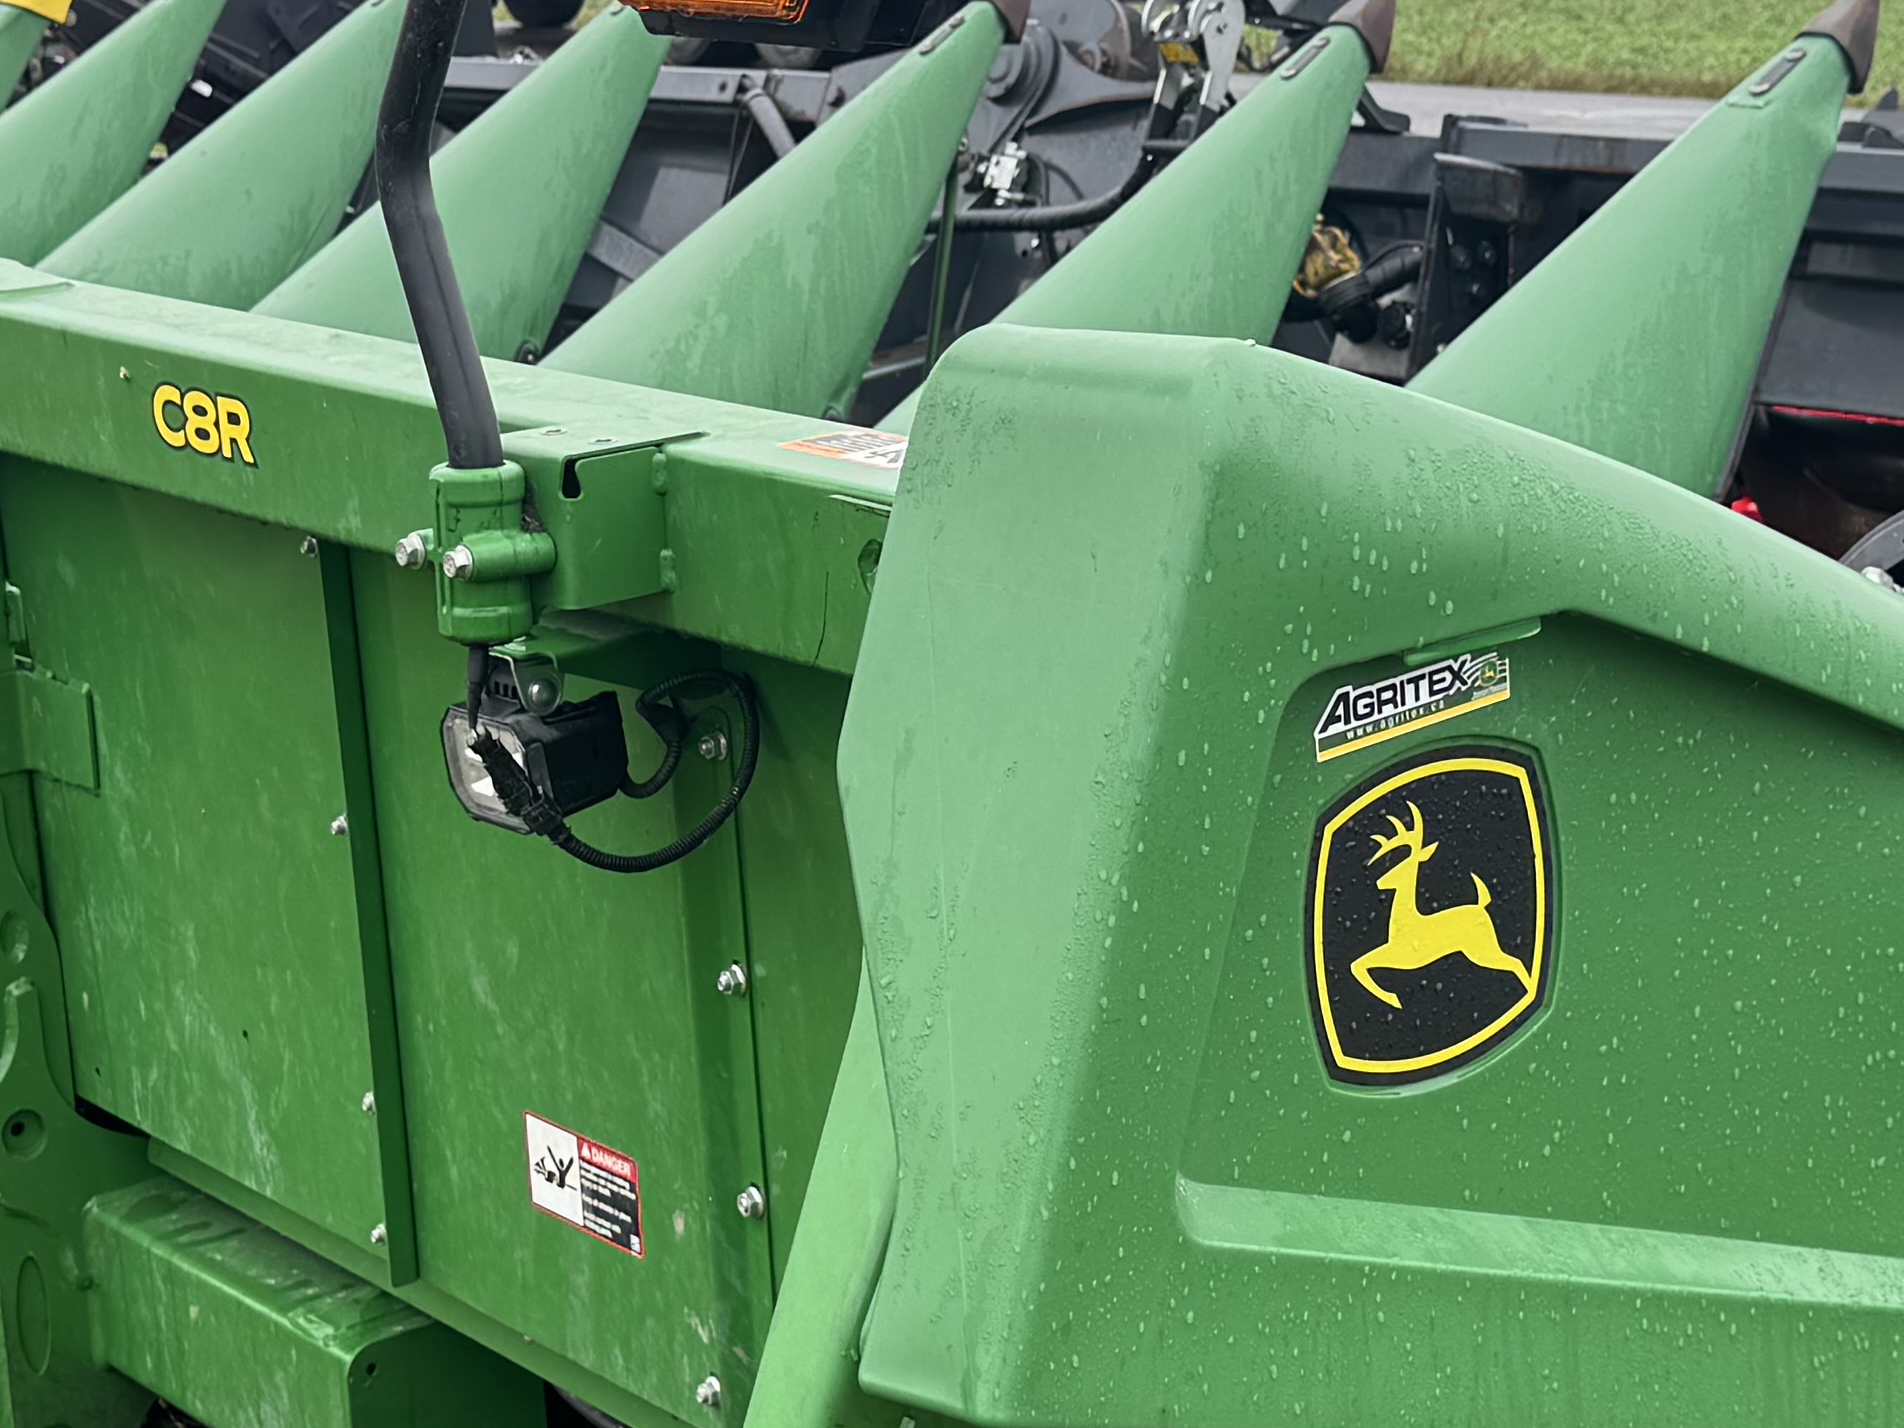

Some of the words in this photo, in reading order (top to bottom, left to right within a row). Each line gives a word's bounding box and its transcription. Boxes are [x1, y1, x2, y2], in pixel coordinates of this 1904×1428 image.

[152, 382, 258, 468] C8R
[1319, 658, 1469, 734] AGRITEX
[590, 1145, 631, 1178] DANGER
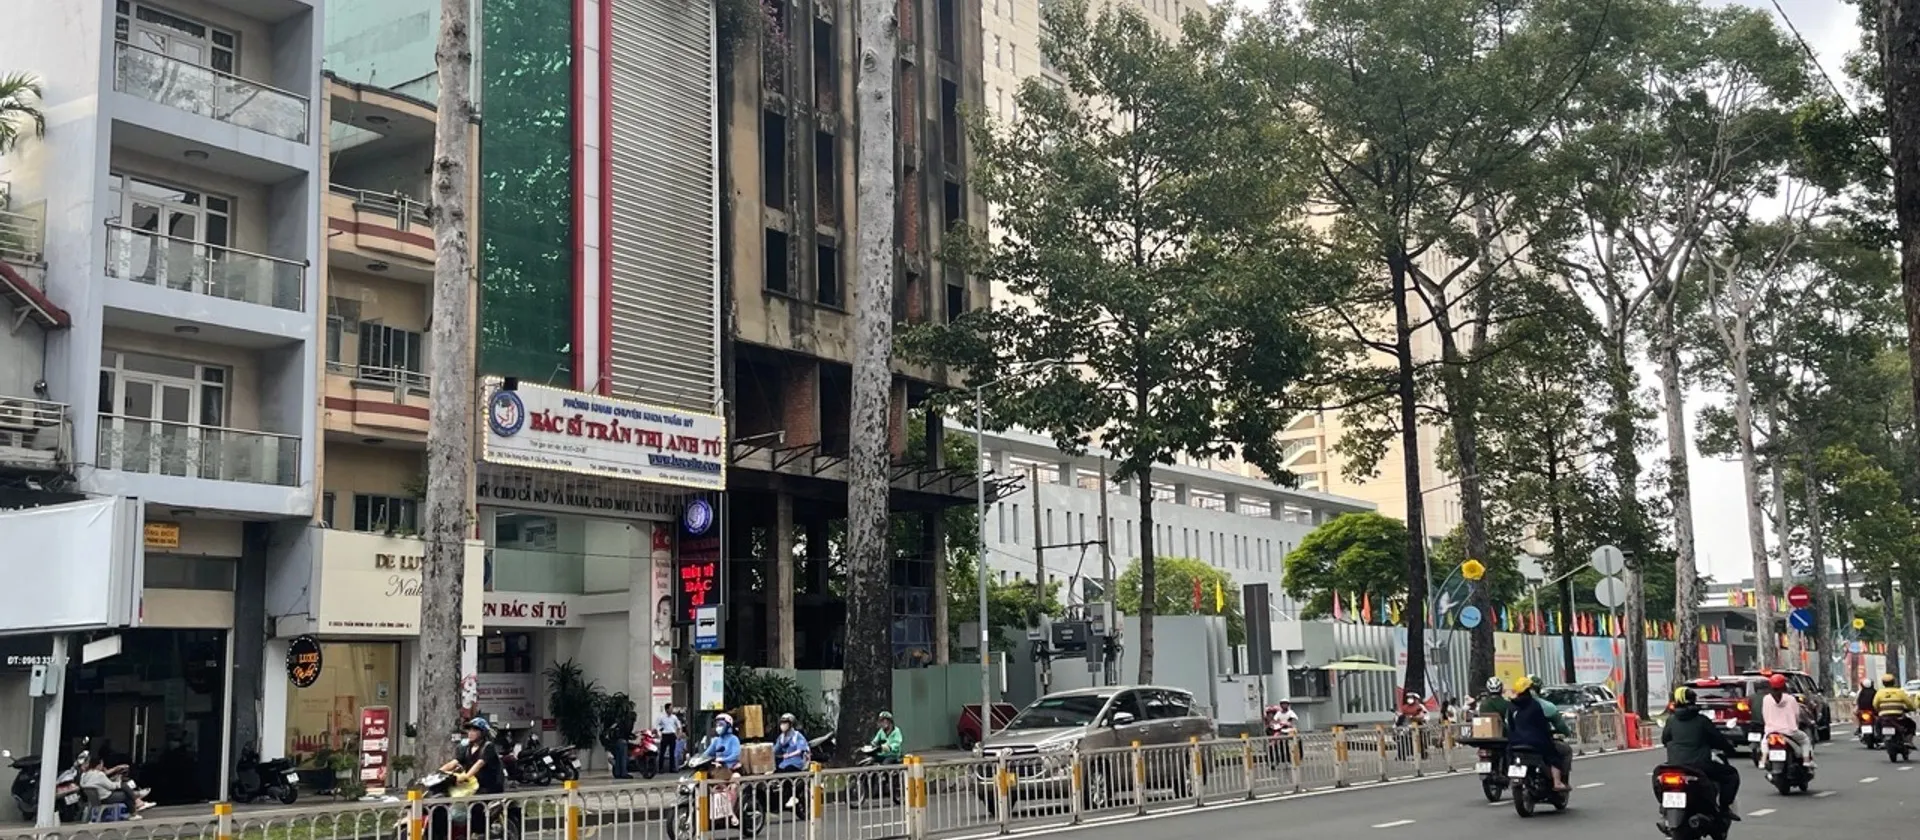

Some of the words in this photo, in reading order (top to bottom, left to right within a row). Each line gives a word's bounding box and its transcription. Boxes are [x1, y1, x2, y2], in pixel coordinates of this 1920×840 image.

■ Assignment: Give back the whole listing exactly, without pictures.

■ Result of this exercise:
Some of the words in this photo, in reading order (top to bottom, left to right within a row). Each line gives a word's bounding box and its transcription. Boxes are [x1, y1, x2, y2], in pixel coordinates of this 1904×1428 image.

[152, 382, 258, 468] C8R
[1319, 658, 1469, 734] AGRITEX
[590, 1145, 631, 1178] DANGER

Some of the words in this photo, in reading order (top to bottom, left to right within a row). Each line gives a word's bounding box and its transcription. Boxes are [x1, y1, x2, y2], in pixel coordinates of this 1920×840 image.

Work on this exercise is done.